The good news is that Diane Leary is publishing a cookbook. The bad news is that Sunday Lunch at MeMe’s will not include the recipe for her famous pimento cheese.
If you’ve been to a wedding, a funeral, bridal or baby shower, church function or some sort of social gathering in Anderson, chances are you’ve sampled Leary’s famous pimento cheese.
“I take it when there’s a death, a birth and everything in between,” Leary says. “I don’t even have to put my name on it. Everybody knows that it’s Diane Leary’s pimento cheese. Everybody loves my pimento cheese and so I take it everywhere and give it everywhere.”
Leary, 81, can’t begin to count the number of pints of pimento cheese she’s prepared over the past 25 years, but she’s worn out three electric cheese graters. And before going electric, she wore out the arms of family and friends she enlisted to take a turn on the manual grater that was forever affixed to her kitchen countertop.

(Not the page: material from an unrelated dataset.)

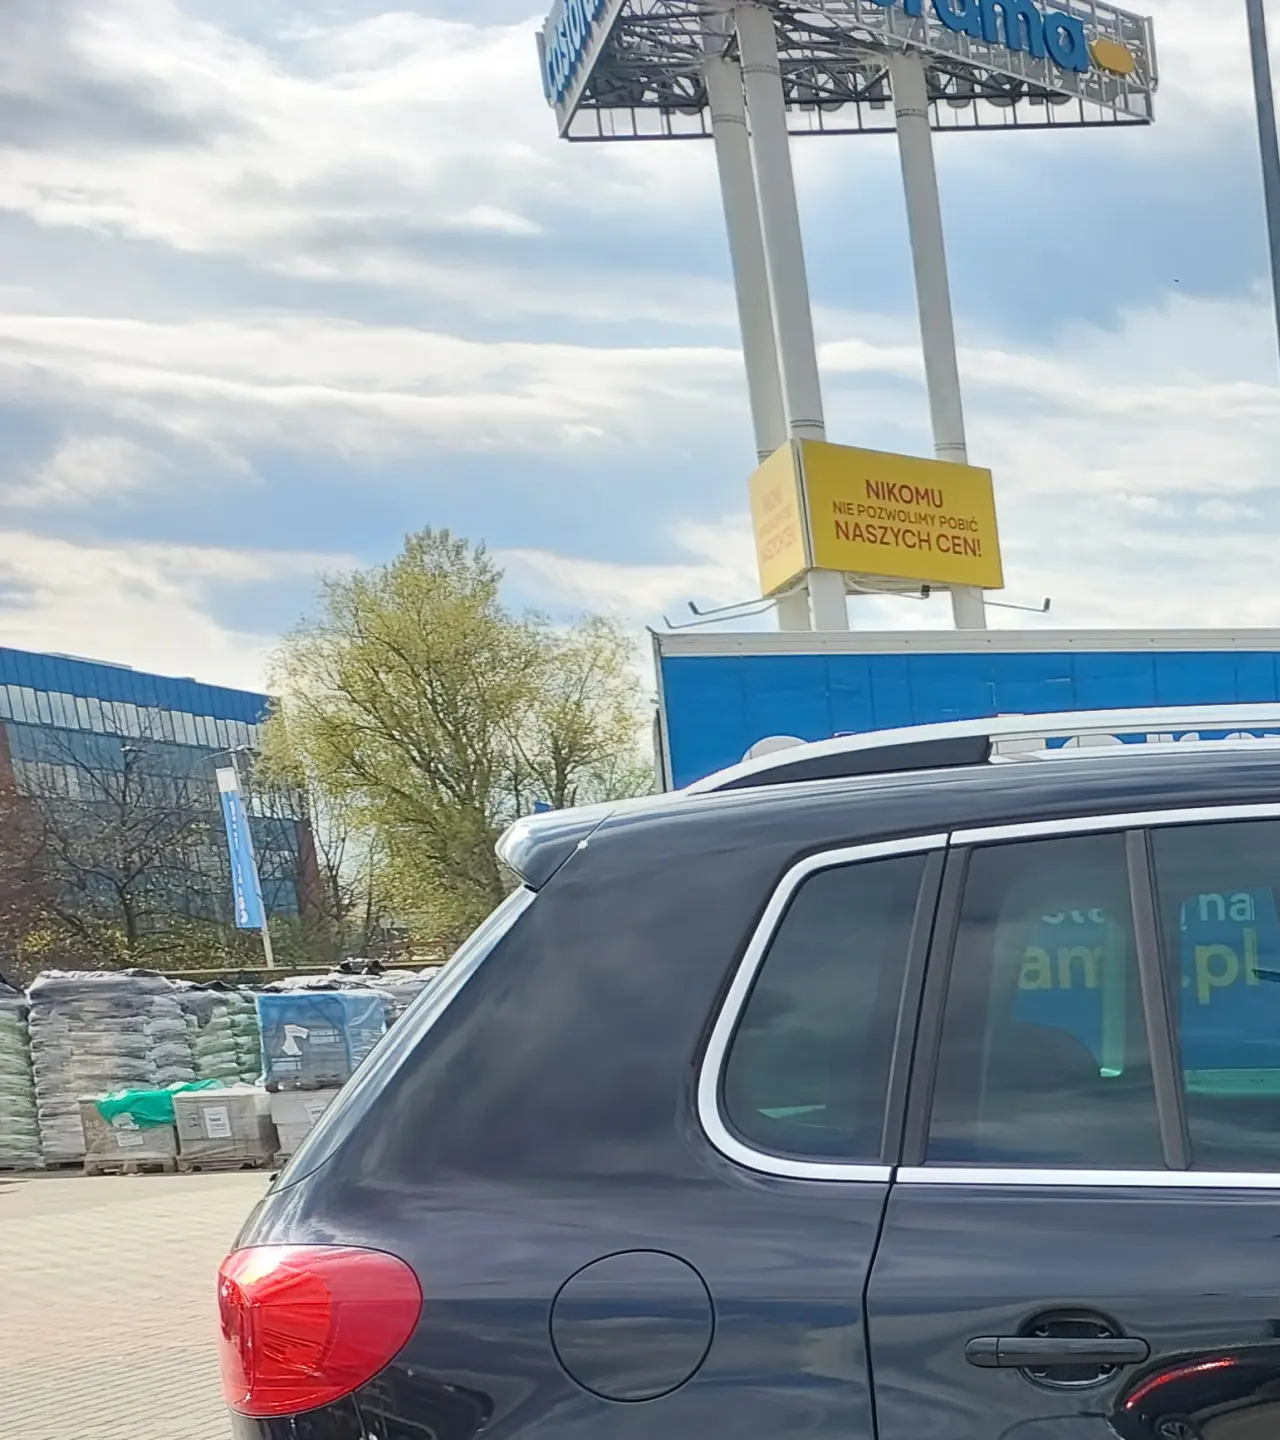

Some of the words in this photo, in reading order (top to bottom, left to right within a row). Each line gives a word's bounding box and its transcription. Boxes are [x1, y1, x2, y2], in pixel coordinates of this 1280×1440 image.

Over the years, Leary has fine-tuned the recipe so that every batch tastes the same. And each batch makes eight pints – no more, no less.
So, what makes MeMe’s pimento cheese so scrumptious?

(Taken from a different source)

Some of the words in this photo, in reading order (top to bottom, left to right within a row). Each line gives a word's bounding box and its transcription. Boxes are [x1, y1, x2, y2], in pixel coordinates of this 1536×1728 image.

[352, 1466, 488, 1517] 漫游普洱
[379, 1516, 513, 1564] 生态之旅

“I think it’s the way that I prepare the cheese,” Leary says. “I shred it rather than grate it. It makes it very creamy, easy to spread and easy to dip.”
She also uses Duke’s mayonnaise – an Upstate original created by Eugenia Duke of Greenville in 1917 – and packages her pimento cheese in one-pint Mason jars.
For a Southern staple, that combination of ingredients and packaging is hard to beat.
“Pimento cheese is just so Southern and there are a zillion recipes out there,” Leary says. “Everybody has their own idea of what it should taste like, but evidently, mine hits the palate.”
You ought to sell this stuff
As often happens when something so savory is sampled by so many, someone says, ‘You ought to sell this stuff.’ So, Leary began researching how to do just that.
Leary’s daughter, Kaylene Foster, attended a class in Columbia on cottage food laws and selling food products made at home. That was the first obstacle. Since pimento cheese is something that has to be refrigerated, it must be produced in a DHEC-approved kitchen to be sold to the public.
“That put a halt to everything. I could have driven to Greenville to use a shared kitchen or used a restaurant kitchen at night when the restaurant was closed, but that’s just not feasible,” says Leary, who still works three days a week as the receptionist at Brookdale Senior Living, formerly Anderson Place.
Then Leary’s granddaughter, Caroline Gaddis, who works in the City of Anderson’s Economic Development office, told her MeMe about the new shared kitchen incubator scheduled to open next fall in downtown Anderson.
“I said sign me up. This is what we have been waiting for,” Leary said. “You’ve got to sell a ton of pimento cheese to offset the cost of traveling a distance to use a shared kitchen, so having one right here in Anderson will be the thing to help us get this thing off the ground and in your kitchen.”
And for those who enjoy spending time in the kitchen, Leary’s soon-to-be-published cookbook, Sunday Lunch at MeMe’s, will have more than 150 of her tried-and-true recipes. The name of the cookbook comes from the tradition of Leary’s children and grandchildren gathering every Sunday at Meme’s for lunch after church.
“My grandchildren made the list of what they wanted in the cookbook and every single recipe in that book will be something that has been made from scratch in my kitchen,” Leary says.
Every single recipe except the pimento cheese, that is.
“That’s a secret recipe and right now, even my children don’t have that recipe,” she says.